Cacao beverage

Drinks made from Theobroma cacao From Wikipedia, the free encyclopedia

Beverages made from the flesh and seeds of the fruit of the Theobroma cacao tree have been consumed for thousands of years.[1]

Popo served in a jícara

At the point of first contact with Europeans, chocolate was an important beverage in Mesoamerican culture and society. It was prepared by removing cacao seeds from their pods and putting them through a process of fermentation, drying, sometimes roasting, grinding, and mixing with water.[1] However, due to the limits of archeological evidence and techniques, when such a drink originated is unclear. As late as the Mesoamerican Classic period (circa 250–900 CE), drinking chocolate and other cacao beverages cannot be distinguished.[2] For context, cacao has been domesticated and used since around 3300 BC (5300 BP).[3] In South America, traditional cacao beverages are made with the pulp rather than the seed. This is drunk as a juice, or is fermented to make an alcoholic drink known as chicha. The same alcoholic cacao beverages have historically been made in Mesoamerica. While evidence of cacao consumption can be drawn from traces of the active ingredient theobromine on pottery remnants, such chemical analysis cannot distinguish cacao beverages like chicha from chocolate.[1]
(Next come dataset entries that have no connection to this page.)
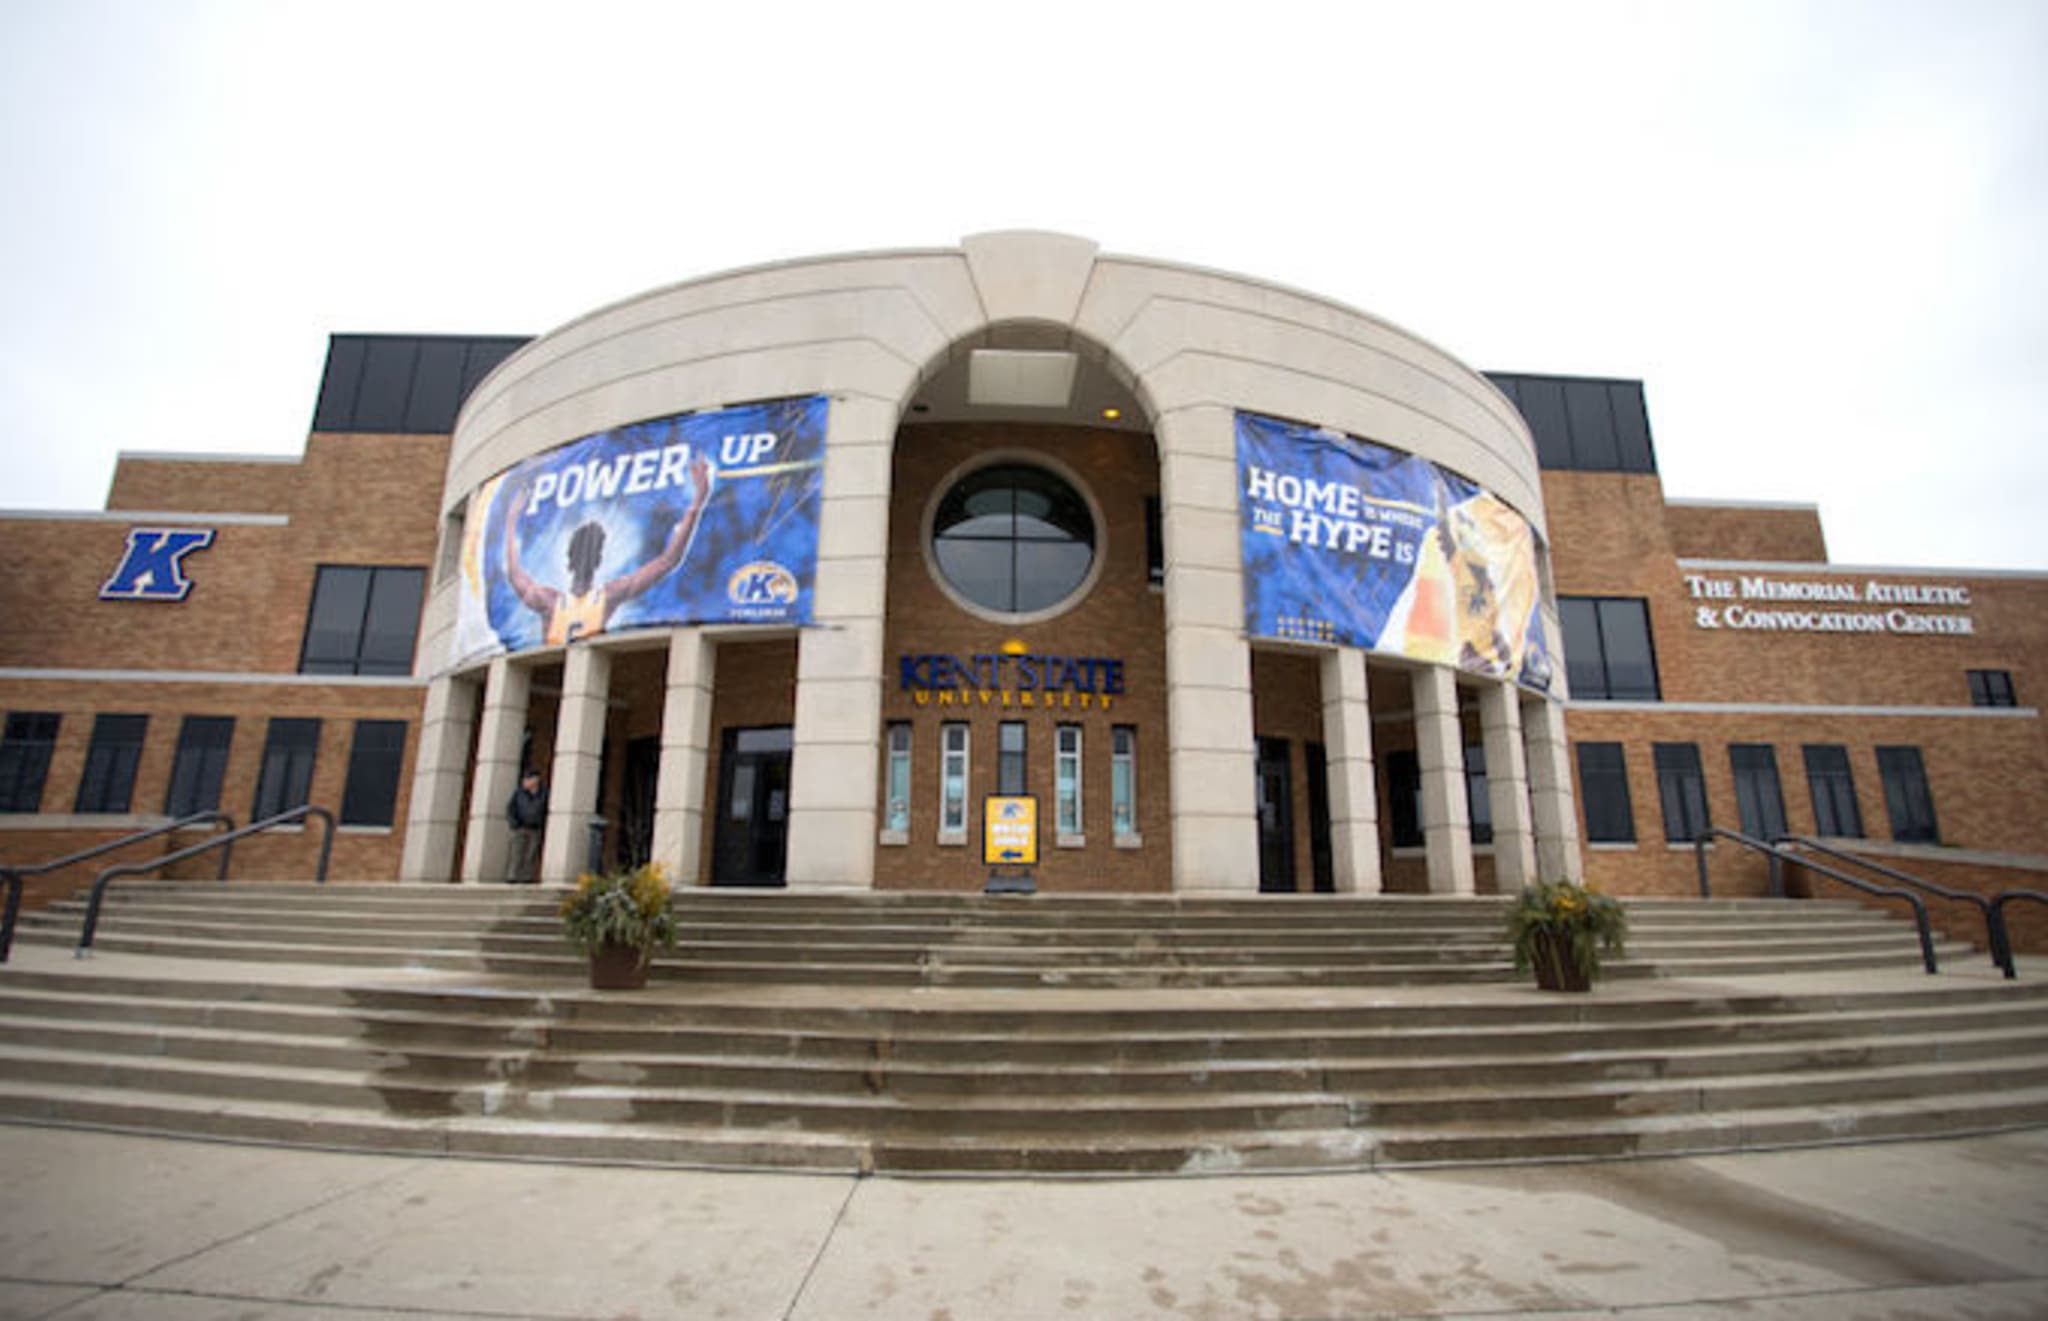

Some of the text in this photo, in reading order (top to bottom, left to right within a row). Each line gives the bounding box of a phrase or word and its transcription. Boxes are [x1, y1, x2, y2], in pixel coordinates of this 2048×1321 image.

[527, 432, 778, 513] POWER UP
[1248, 465, 1360, 517] HOME
[1253, 507, 1414, 564] THE HYPE IS
[100, 527, 216, 602] K
[1696, 605, 1721, 629] &
[900, 654, 1124, 694] KENT STATE
[913, 690, 1113, 709] UNIVERSITY
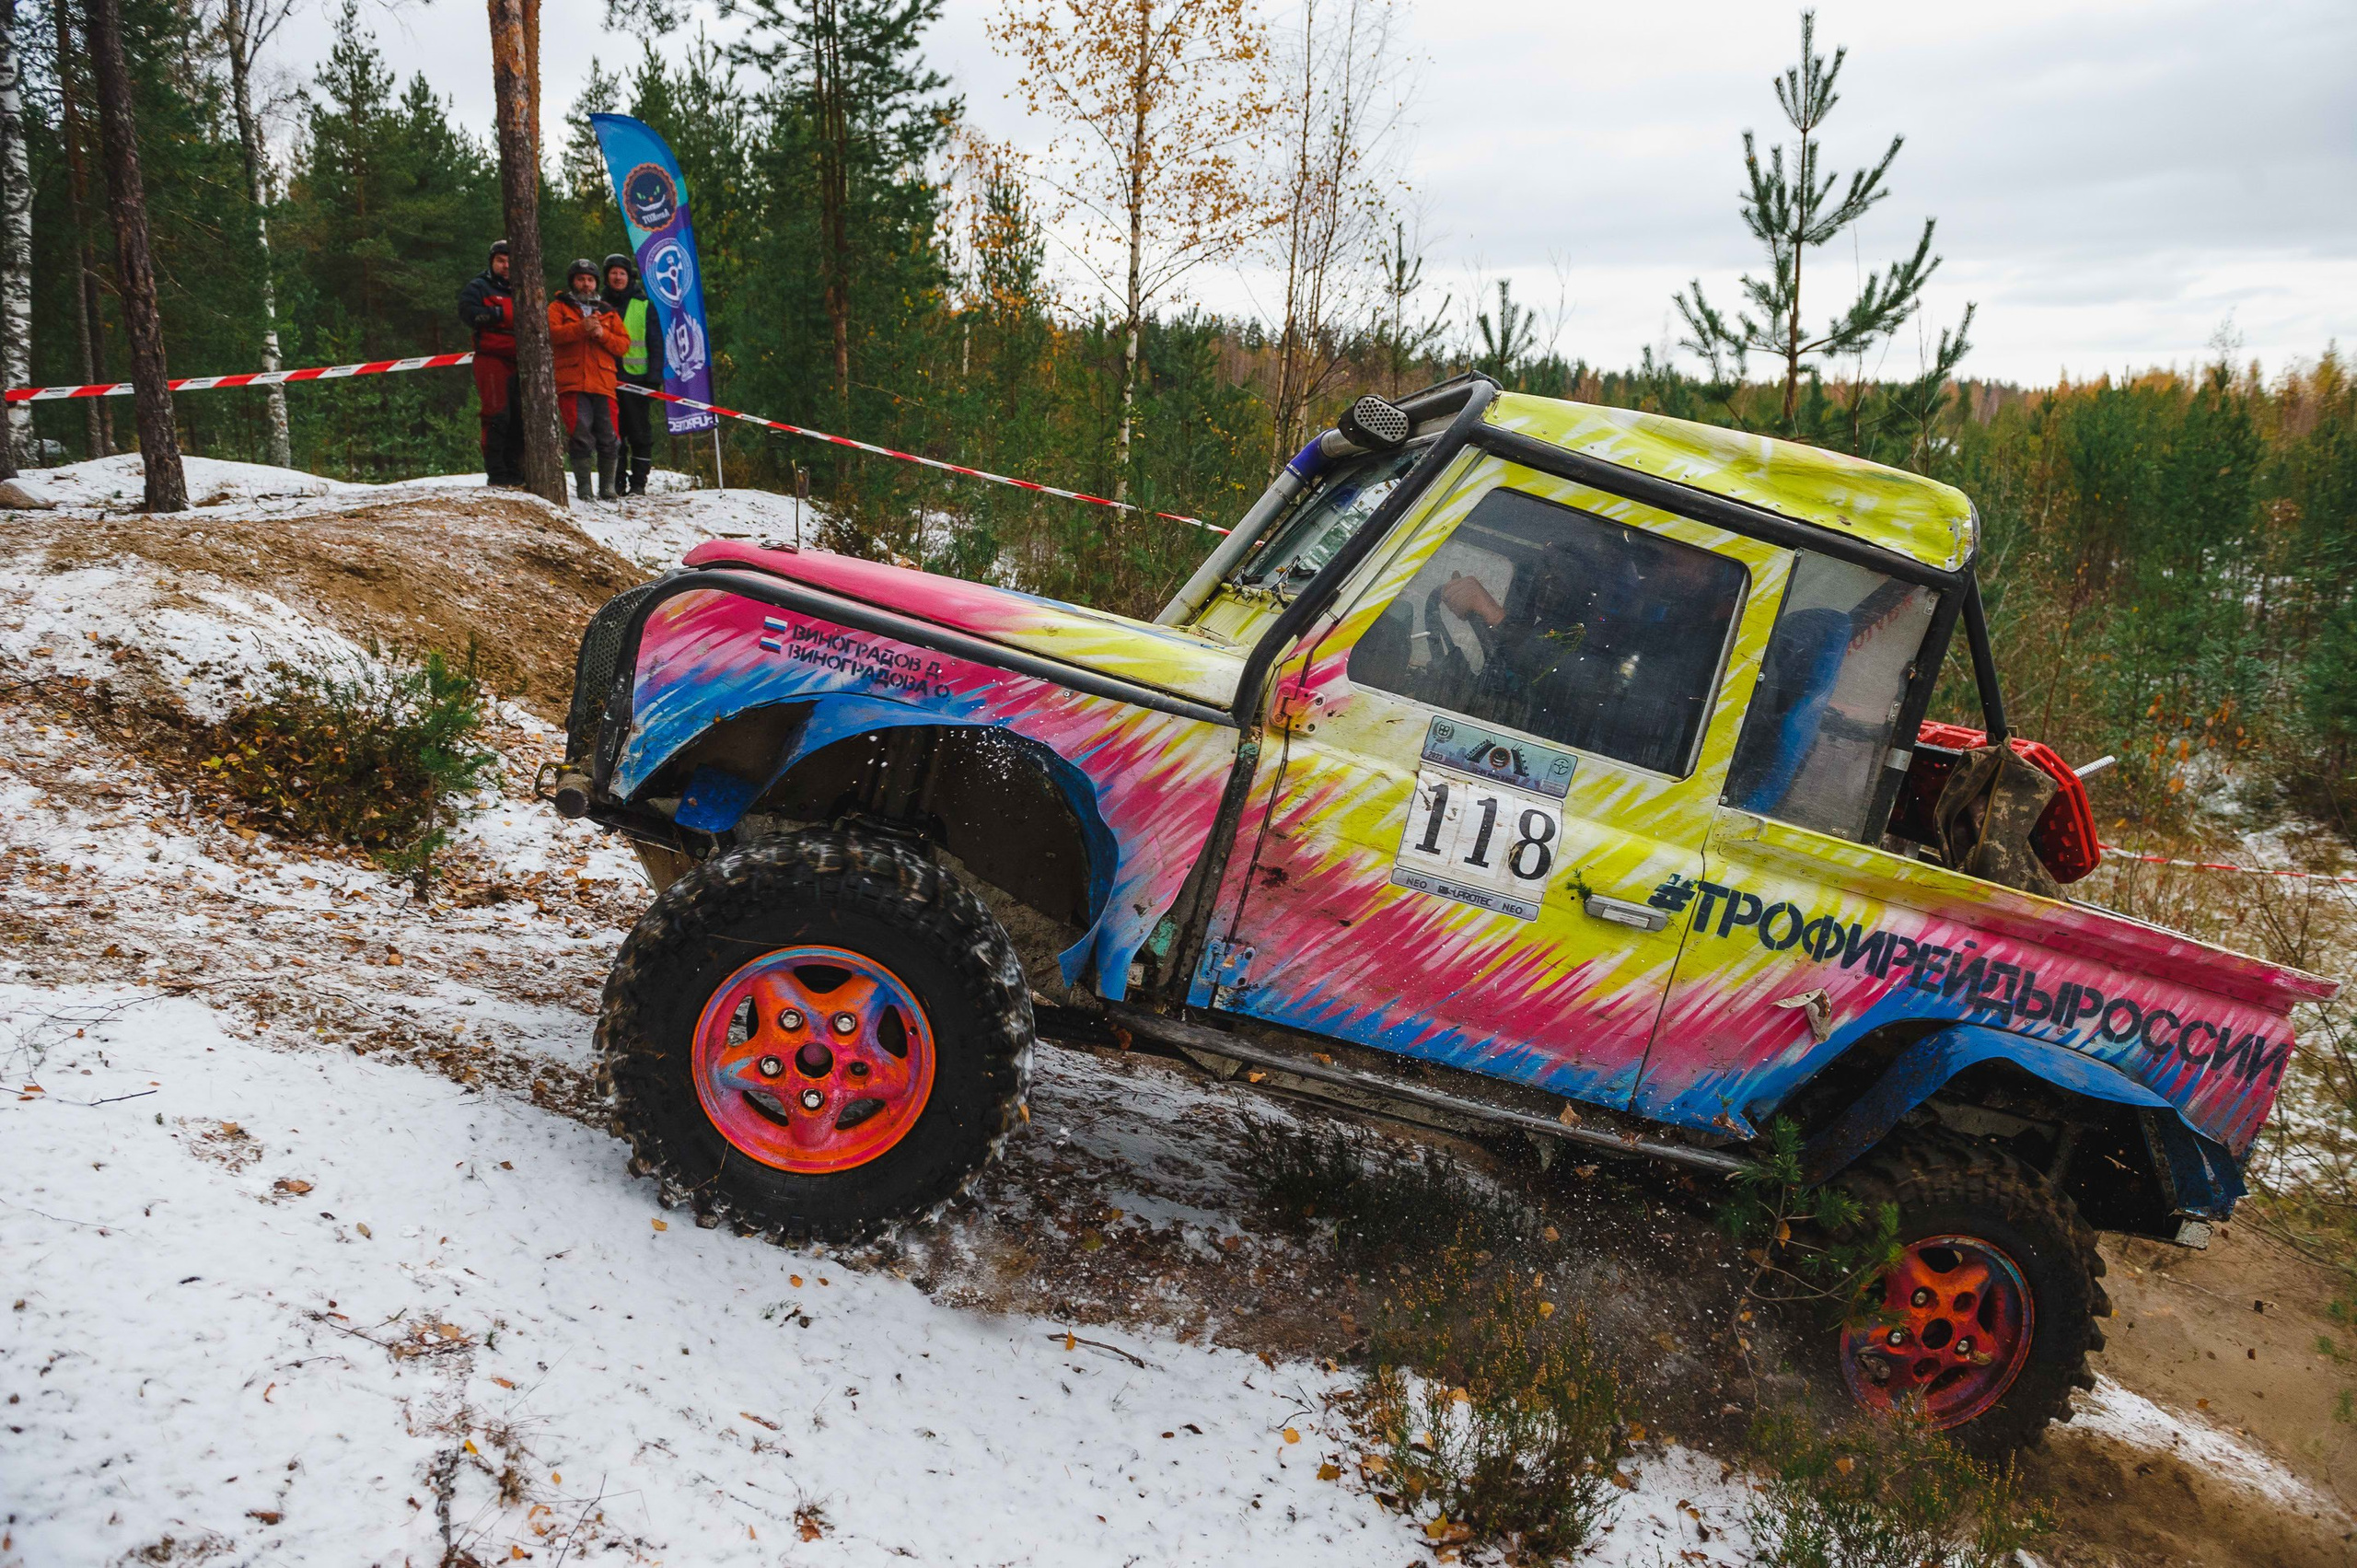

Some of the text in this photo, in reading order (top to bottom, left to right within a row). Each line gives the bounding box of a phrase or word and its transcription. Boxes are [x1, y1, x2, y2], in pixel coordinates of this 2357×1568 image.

[788, 644, 928, 695] ВИНОГРАДОВА
[793, 624, 921, 672] ВИНОГРАДОВ
[1428, 750, 1444, 761] 2023
[1415, 783, 1556, 880] 118
[1406, 877, 1427, 889] NEO
[1502, 901, 1523, 915] NEO
[1647, 871, 2290, 1087] #ТРОФИРЕЙДЫРОССИИ
Besides chicha and juice, cacao is consumed in a range of beverages in South and Central America today. In Suchitepéquez, Guatemala, women toast cacao at home and mill the resulting beans by machine or, more rarely, by hand. This is used to make a range of beverages, made up of combinations of sugar, annatto for colour, spices, toasted corn and Theobroma bicolor, a species related to cacao also known as pataxte. Some of these include tixte (cacao, achiote, pataxte and rice), panecito (toasted cacao, pataxte, cloves, cumin, sacred earflower and corn), and pinol (toasted cacao, pataxte, cumin, and corn).[4]

In San Bernardino, a town in the region, an atole of corn and rice is made with cacao on feast days under the name pozunke. This is drunk by itself, but also serves as the base for more elaborate preparations served on days such as Good Friday and Day of the Dead. These require cooks to form a dough with peeled, roasted and unroasted cocoa beans, pataxte, masa, and corn tortillas, broken apart and soaked in water. As the dough is kneaded, cold water or ice is poured over at the same time as heated atol, drawing a prized foam of cocoa butter and corn to the surface that is set aside. More atol is added, now boiling, and then the drink is poured from a height to generate more foam and the drink served with the initial foam.[4]

Other chocolate and cacao drinks in Central and South America include tascalate, tejate, pozol, popo, pinolillo, and champurrado.